Unified Structured Learning for Simultaneous Human Pose Estimation and Garment Attribute Classification

In this paper, we utilize structured learning to simultaneously address two intertwined problems: 1) human pose estimation (HPE) and 2) garment attribute classification (GAC), which are valuable for a variety of computer vision and multimedia applications. Unlike previous works that usually handle the two problems separately, our approach aims to produce an optimal joint estimation for both HPE and GAC via a unified inference procedure. To this end, we adopt a preprocessing step to detect potential human parts from each image (i.e., a set of candidates) that allows us to have a manageable input space. In this way, the simultaneous inference of HPE and GAC is converted to a structured learning problem, where the inputs are the collections of candidate ensembles, outputs are the joint labels of human parts and garment attributes, and joint feature representation involves various cues such as pose-specific features, garment-specific features, and cross-task features that encode correlations between human parts and garment attributes.
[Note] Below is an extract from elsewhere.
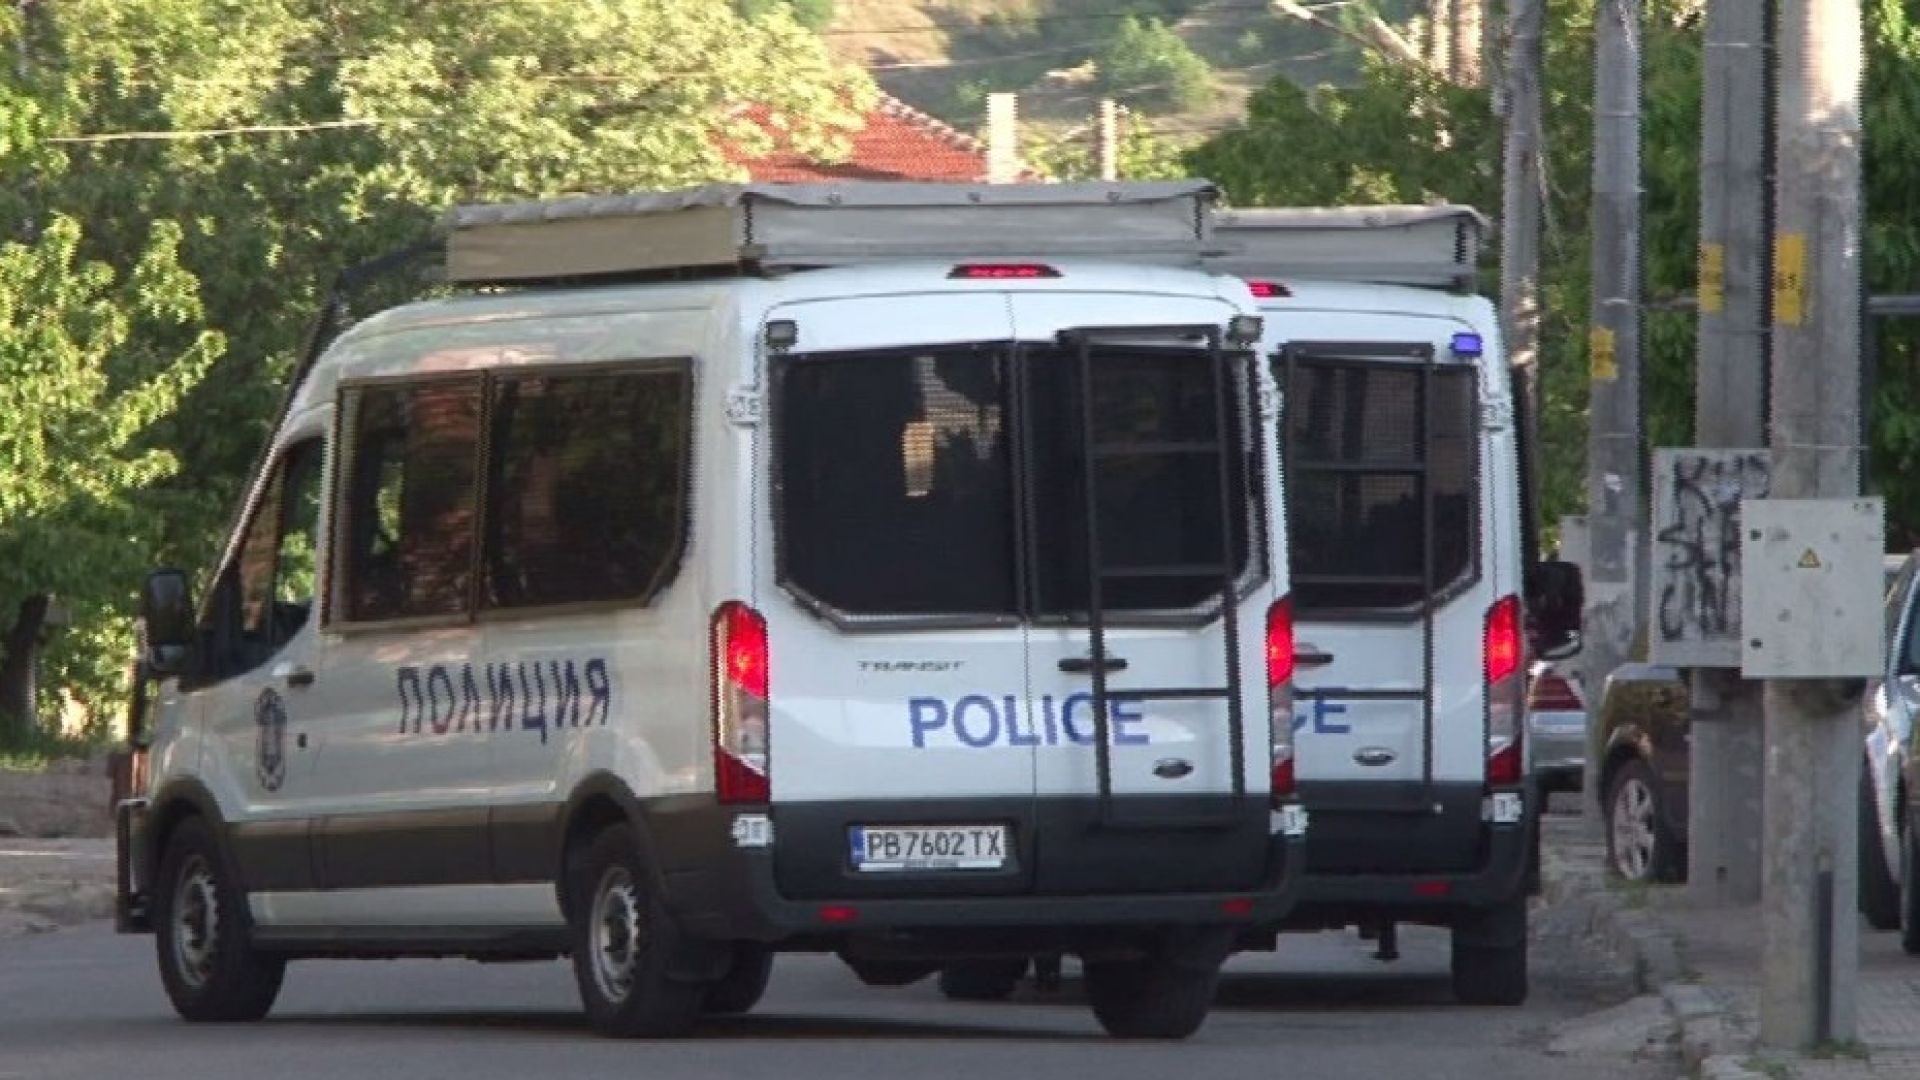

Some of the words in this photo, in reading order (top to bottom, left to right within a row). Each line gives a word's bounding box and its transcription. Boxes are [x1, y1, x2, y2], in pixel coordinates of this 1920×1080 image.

[857, 660, 966, 672] TRANSIT
[398, 659, 610, 744] ПОЛИЦИЯ
[909, 695, 1150, 748] POLICE
Furthermore, we explore the strong edge evidence around the potential human parts so as to derive more powerful representations for oriented human parts. Such evidences can be seamlessly integrated into our structured learning model as a kind of energy function, and the learning process could be performed by standard structured support vector machines algorithm. However, the joint structure of the two problems is a cyclic graph, which hinders efficient inference. To resolve this issue, we compute instead approximate optima using an iterative procedure, where in each iteration, the variables of one problem are fixed. In this way, satisfactory solutions can be efficiently computed by dynamic programming. Experimental results on two benchmark data sets show the state-of-the-art performance of our approach.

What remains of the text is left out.